Cheating In Online Courses—What Does It Mean?
Digital utopians, take note:
“Students taking free online courses offered by the startup company Coursera have reported dozens of incidents of plagiarism, even though the courses bear no academic credit. This week a professor leading one of the so-called Massive Open Online Courses posted a plea to his 39,000 students to stop plagiarizing, and Coursera’s leaders say they will review the issue and consider adding plagiarism-detection software in the future.
In recent weeks, students in at least three Coursera humanities courses have complained of plagiarized assignments by other students. The courses use peer grading, so each student is asked to grade and offer comments on the work of fellow students.
‘I just graded my second batch of peer essays and was saddened to find one of them was lifted from Wikipedia,’ wrote one student in the discussion forums for the course, ‘Fantasy and Science Fiction.’
Many students in the discussion expressed surprise that their peers would resort to fraudulent behavior in a noncredit course. Students who complete a course can get a certificate attesting to that accomplishment, but so far the courses do not count for credit at any university.

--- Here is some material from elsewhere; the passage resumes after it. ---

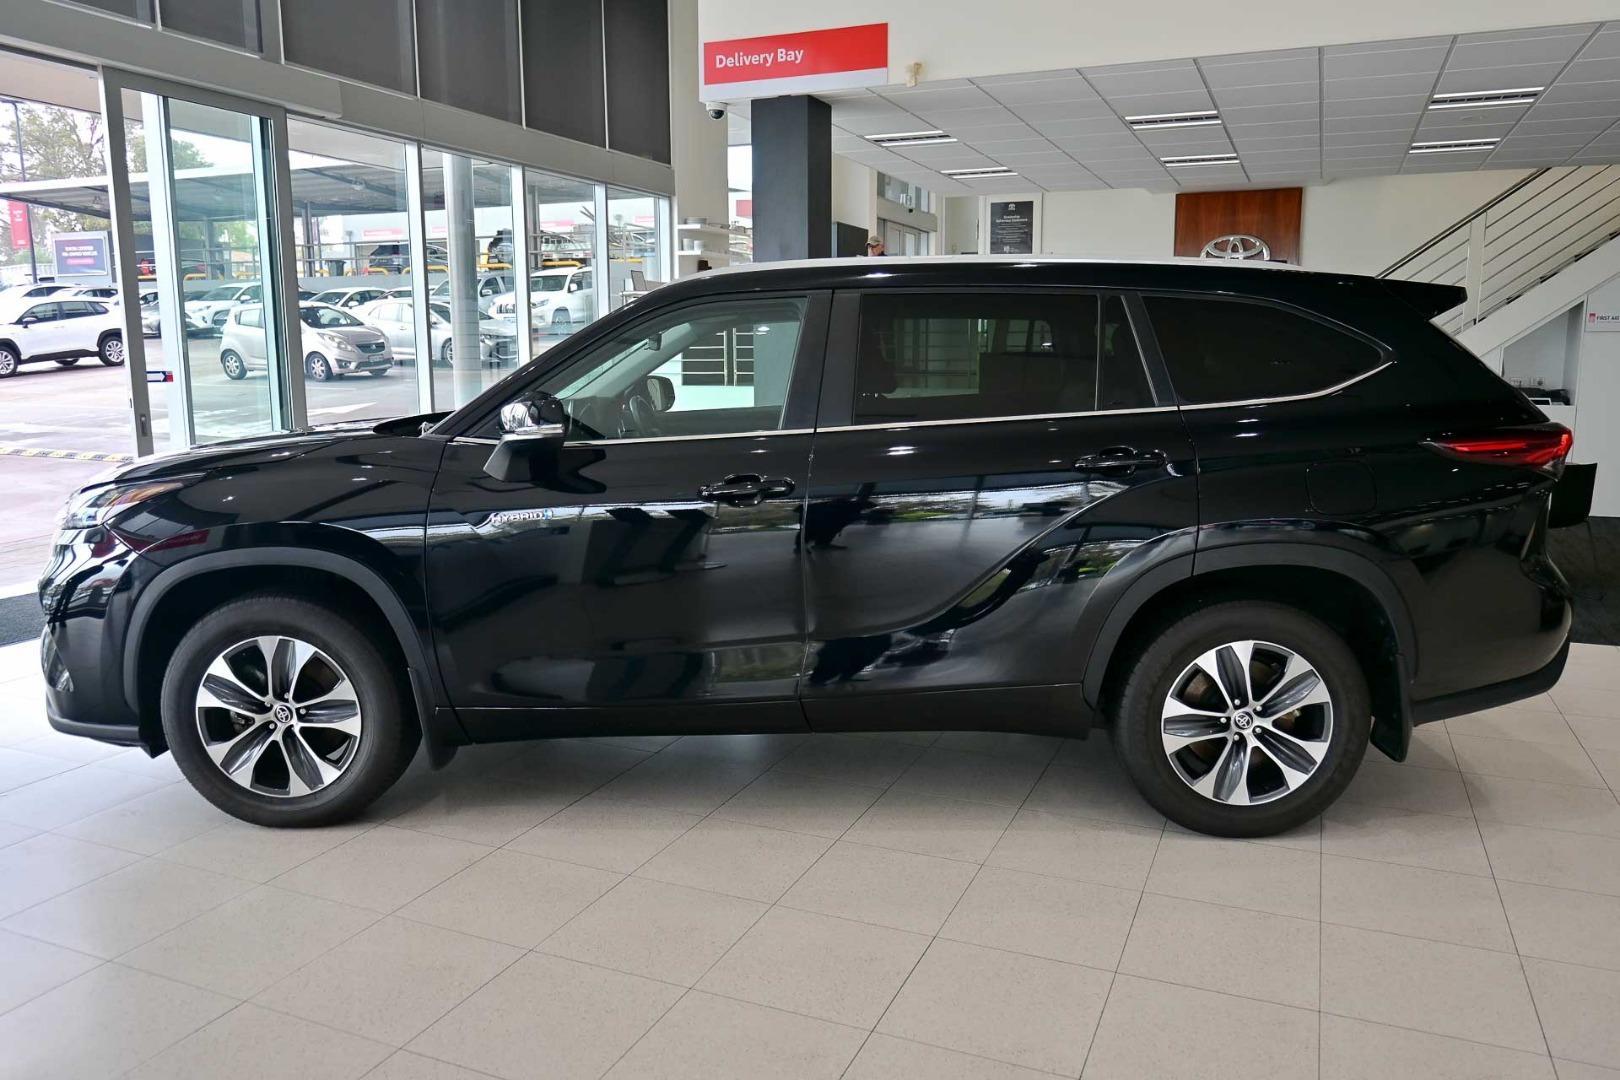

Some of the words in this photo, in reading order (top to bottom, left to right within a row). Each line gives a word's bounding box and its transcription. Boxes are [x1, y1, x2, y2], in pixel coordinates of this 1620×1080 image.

[715, 52, 774, 68] Delivery
[777, 48, 804, 64] Bay
[490, 511, 543, 523] HYBRID

Still, some students argued that even in noncredit situations, stamping out plagiarism is important. “This cheating hurts everyone who is trying to take part in this class and learn with integrity,” wrote one student in the discussion forums.
. . . A professor teaching a Coursera course about the history of the Internet, Charles Severance, wrote to his students this month about plagiarism as well, after several students reported in the forums that they had seen it in assignments they graded.

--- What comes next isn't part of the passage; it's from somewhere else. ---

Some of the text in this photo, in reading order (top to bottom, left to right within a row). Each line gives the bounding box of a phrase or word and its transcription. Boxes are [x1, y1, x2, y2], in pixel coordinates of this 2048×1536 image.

‘If you see/suspect plagiarism—be kind and keep any of your comments about plagiarism short and to the point—do not criticize or flame the person—make sure your comments will help someone learn,’ he told them.
‘If we really are trying to teach the world, including people from other cultures, we have to take a responsibility to educate people about plagiarism, not just vaporize people for it,’ said Mr. Severance, who is also a clinical associate professor of information at Michigan, in an interview on Wednesday.” Read more here.
Part of me thinks that this is just the necessary growing pains of a new medium—online teaching—and that these kinks will be worked out with time. And part of me thinks that “trying to teach the world” is simply too fanciful a goal for this medium, and that we should be realistic about the inherent limits of this model (for example, I suspect that having students grade other students will always be problematic). What do you think?